(Beginning of Data shown)

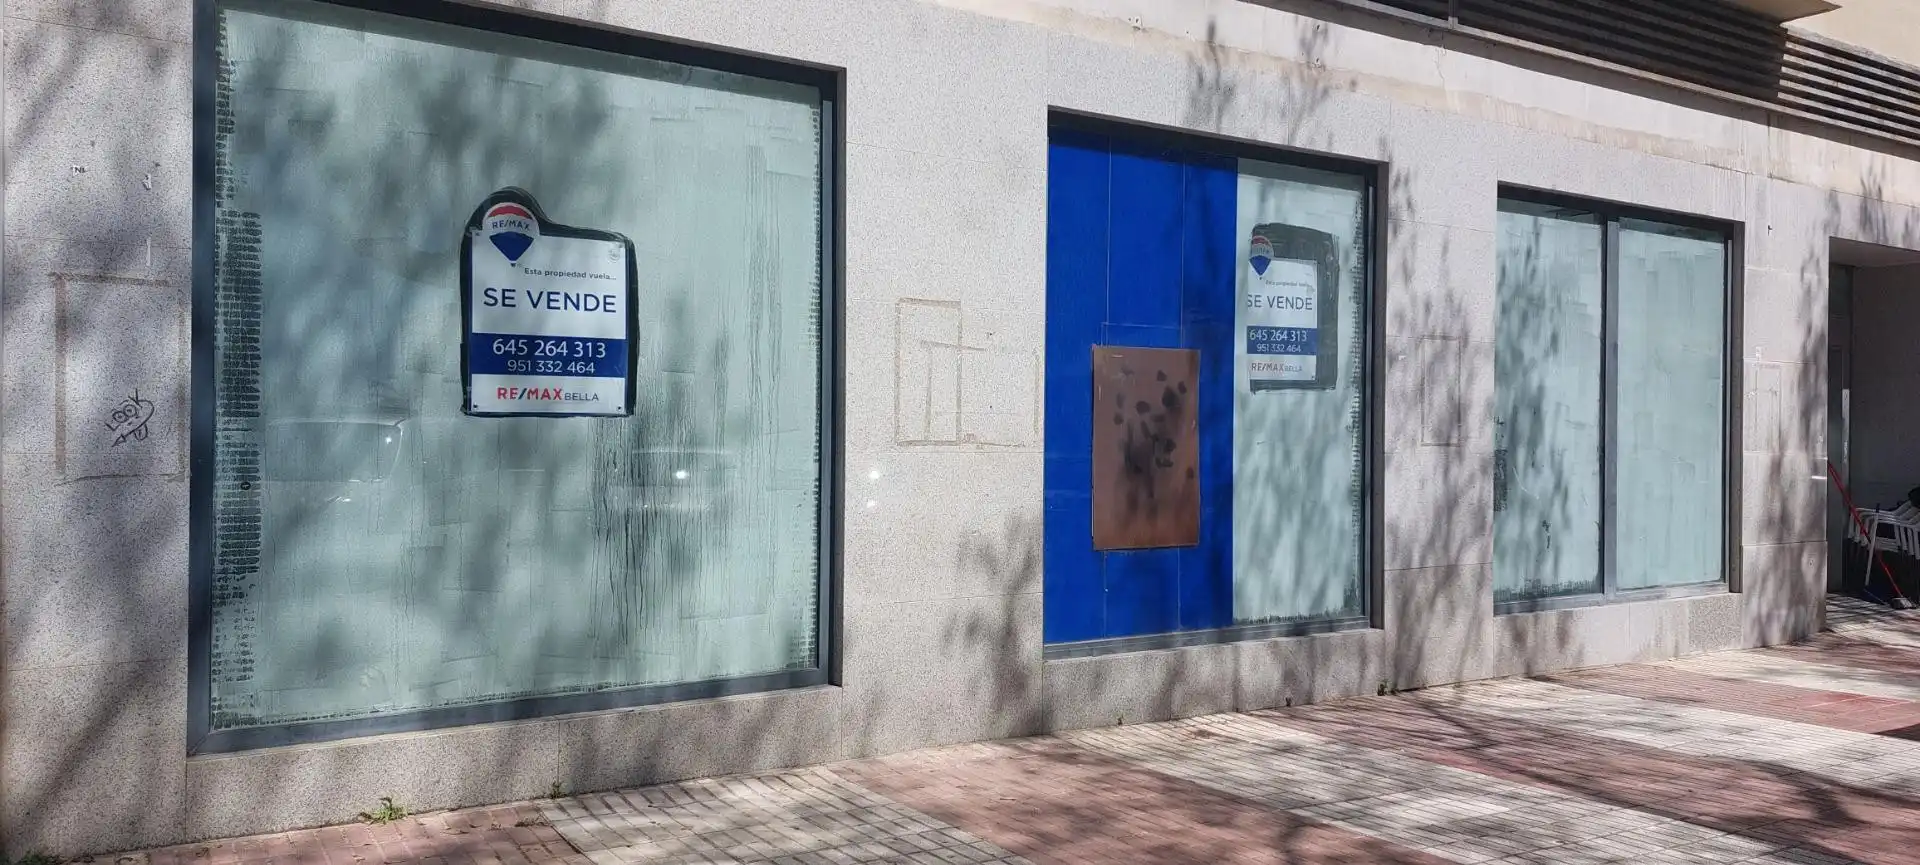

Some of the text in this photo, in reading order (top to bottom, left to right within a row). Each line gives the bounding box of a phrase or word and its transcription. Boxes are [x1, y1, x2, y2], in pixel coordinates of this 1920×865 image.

[492, 219, 530, 231] RE/MAX
[524, 267, 542, 276] Esta
[544, 268, 587, 279] propiedad
[483, 287, 617, 313] SE VENDE
[1267, 296, 1313, 310] VENDE
[1250, 328, 1307, 342] 645 264 313
[492, 338, 606, 358] 645 264 313
[1256, 343, 1301, 353] 951 332 464
[507, 359, 595, 374] 951 332 464
[1251, 362, 1284, 372] RE/MAX
[497, 387, 599, 401] RE/MAX BELLA

(End of Data shown)

■ Problem: Copy out the full material exactly. Pictures should not appear in it.

■ Exercise result:
Some of the text in this photo, in reading order (top to bottom, left to right within a row). Each line gives the bounding box of a phrase or word and its transcription. Boxes are [x1, y1, x2, y2], in pixel coordinates of this 1920×865 image.

[492, 219, 530, 231] RE/MAX
[524, 267, 542, 276] Esta
[544, 268, 587, 279] propiedad
[483, 287, 617, 313] SE VENDE
[1267, 296, 1313, 310] VENDE
[1250, 328, 1307, 342] 645 264 313
[492, 338, 606, 358] 645 264 313
[1256, 343, 1301, 353] 951 332 464
[507, 359, 595, 374] 951 332 464
[1251, 362, 1284, 372] RE/MAX
[497, 387, 599, 401] RE/MAX BELLA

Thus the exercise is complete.